Treatment of corneal stromal disease depends on disease severity. For mild cases of disciform (non-necrotizing) keratitis, antiviral prophylaxis and cycloplegic therapy are recommended. Cycloplegic therapy is similarly recommended for moderate to severe cases, in addition to a topical steroid (warning: Do not initiate topical steroid therapy while an active epithelial lesion is present!). If epithelial defects are present, topical antibiotics may be used adjunctively; if intraocular pressure is elevated, aqueous suppressants may be used, avoiding prostaglandin analogues. Necrotizing interstitial keratitis is managed as severe disciform keratitis. Patients with necrotizing interstitial keratitis require daily follow-up or admission to monitor for perforation. If the cornea perforates, tissue adhesive or tectonic keratoplasty may be necessary[28].

Patients being treated for ocular HSV should follow up for repeat examination two to seven days after initiating treatment, and again every one to two weeks depending on examination findings. The size of any epithelial defect or ulcer, depth of corneal involvement, corneal thickness, intraocular pressure, and anterior chamber reaction should all be evaluated[28].

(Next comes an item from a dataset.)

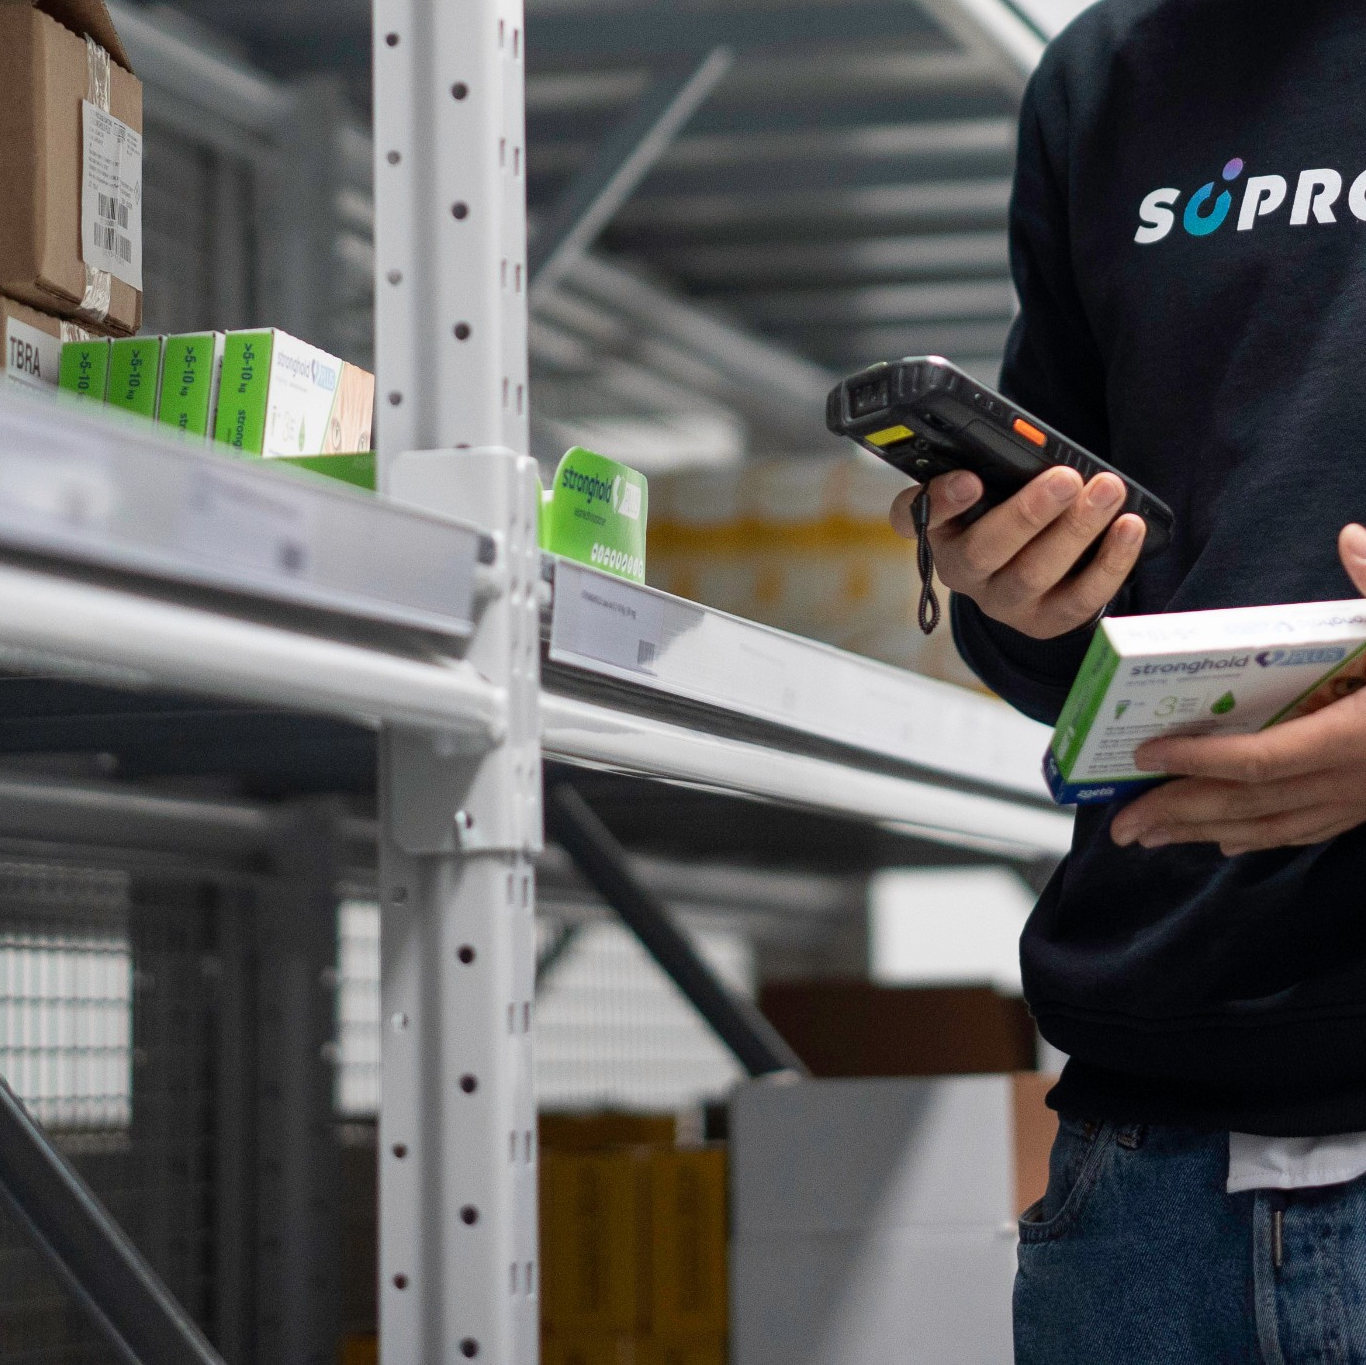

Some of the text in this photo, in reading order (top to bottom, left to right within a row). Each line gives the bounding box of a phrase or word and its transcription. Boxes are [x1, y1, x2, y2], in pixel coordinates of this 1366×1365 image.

Complications and Prognosis

Eczema herpeticum generally has a good prognosis when patients receive prompt intervention with antiviral therapy, but scarring may persist long after resolution of acute changes [20]. A common complication of EH is bacterial superinfection, with the most common organisms being Staphylococcus aureus, Streptococcus pyogenes, and Pseudomonas aeruginosa[5]. If the cutaneous HSV infection disseminates, systemic infection can occur with fever, malaise, multiple organ involvement, septic shock, meningitis, and encephalitis; such dissemination has been associated with a mortality rate from 1% to 9%[5]. As discussed above, ocular HSV infection is among the most feared complications of EH, and corneal transplant may be indicated in cases of postherpetic scarring that significantly affects vision[5][7][28]. Close monitoring after resolution of an episode of EH is recommended because about 50% of patients may experience recurrence[14].